2019 Bottle Logic Layers of Influence
Next to drink was the 2019 Bottle Logic Layers of Influence. Created in collaboration with Miami's J. Wakefield Brewing, it was a makowiec-inspired imperial stout brewed with poppy seeds, poppy butter, and orange blossom honey, then aged in bourbon barrels for a year. The beer smelled of chocolate and bourbon, with a bit of dark fruit mixed it. Tasting it though, things were different; I got boatloads of rich honey that just grew and lingered, giving me a nearly mead-like flavor profile evened out by a touch of roasty malt.

Kare Kare
Kare Kare [$15.00] | Straus Beef, Bok Choy, Long Beans, Eggplant, Peanut Butter, Bagoong
Petite Peso's version of the quintessential Filipino oxtail stew featured tender, mildly-spiced, subtly peanut buttery chunks of beef that meshed like clockwork with the green beans and bok choy. The potency of the shrimp paste was crucial as well, while fluffy white rice just made sense as a foundation for the dish.

Polvoron Cream Cookies
Polvoron Cream Cookies (Opened)
Polvoron Cream Cookies [$3.00/2] | Cream, White or Milk Chocolate
Polvorones were easily crumbliest I've ever had, achieving an utterly soft, sandy texture.
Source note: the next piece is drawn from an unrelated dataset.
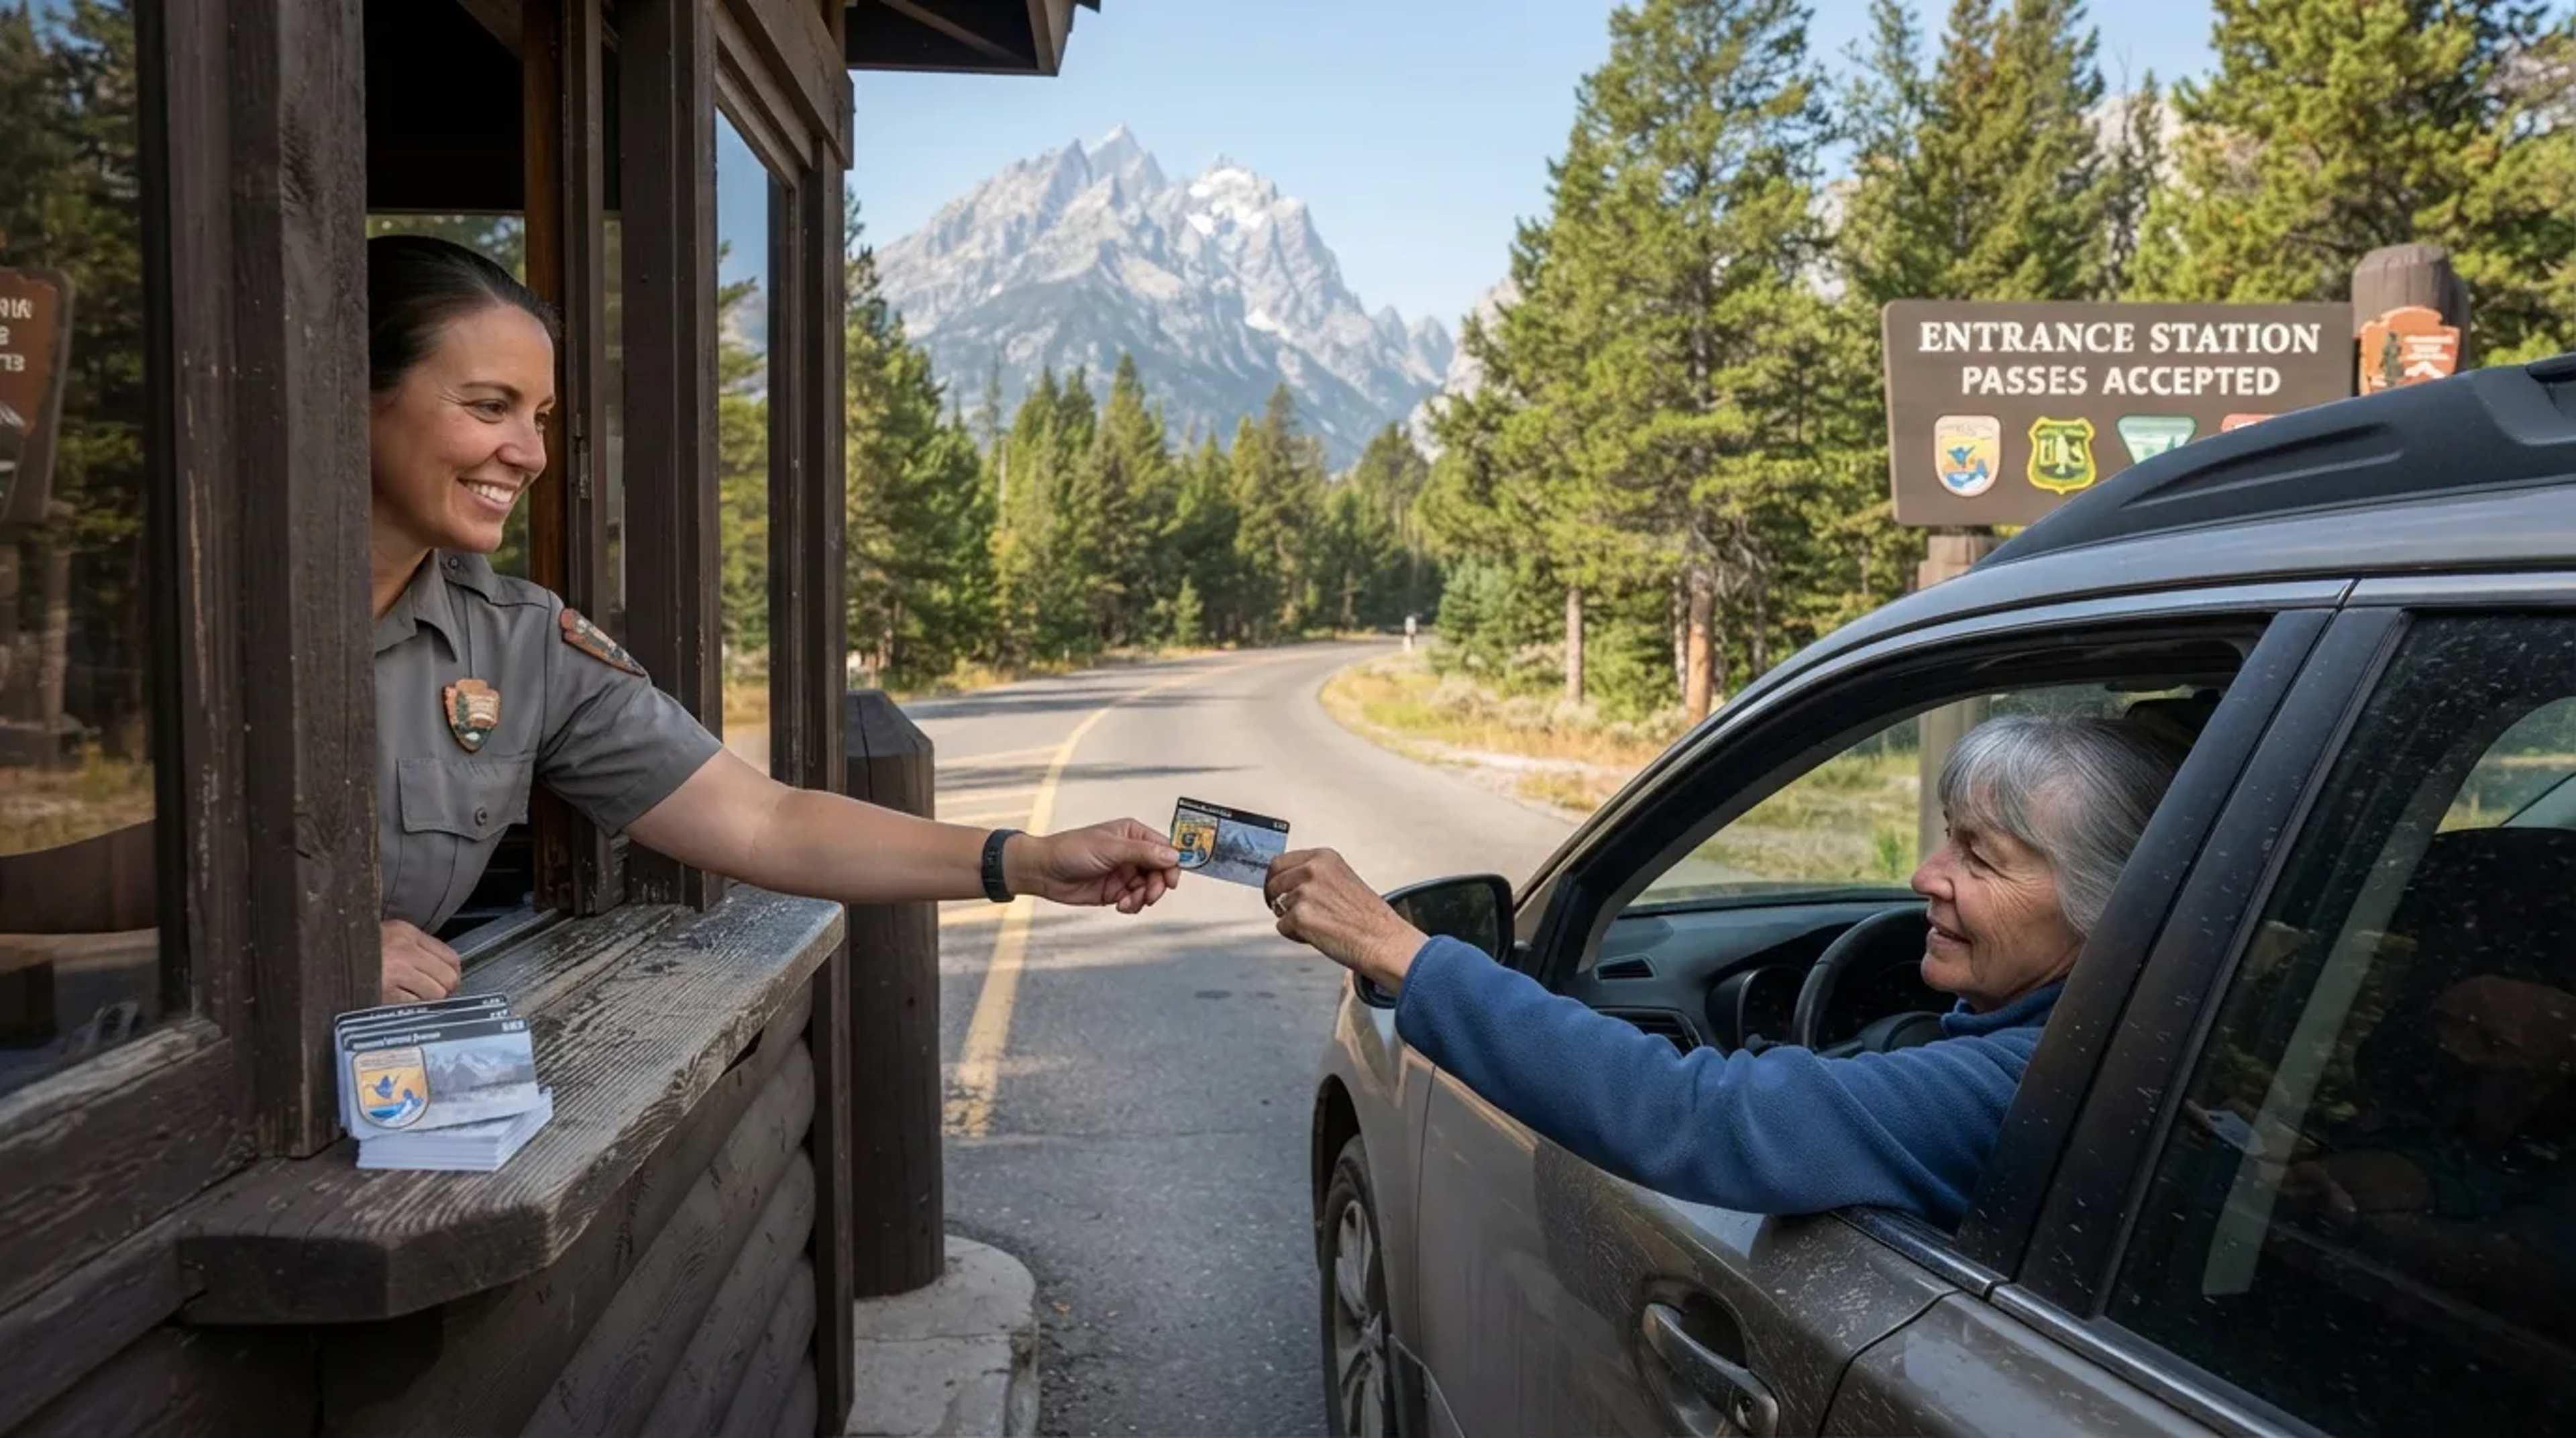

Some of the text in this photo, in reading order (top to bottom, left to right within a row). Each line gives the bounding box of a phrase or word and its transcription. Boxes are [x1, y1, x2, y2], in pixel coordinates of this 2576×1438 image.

[1918, 321, 2321, 354] ENTRANCE STATION
[1962, 366, 2282, 395] PASSES ACCEPTED
The white chocolate variant was somewhat more viscous, and reminded me a bit of a white chocolate-macadamia cookie. The milk chocolate version, meanwhile, showed off a distinct peanut butter component.

Strawberry Mamon
Strawberry Mamon [$5.00]
The mamón displayed a supple, almost creamy consistency that I enjoyed, and flavors were almost strawberry shortcake-esque.

I was bummed when Rice Bar closed, but Petite Peso looks to be a worthy replacement. The way I see it, the cooking combines classic flavor profiles with new-school influences, but manages to be pretty approachable overall. It's sort of a fine balance, so it'll be interesting to see where Barbosa and the team take the menu from here.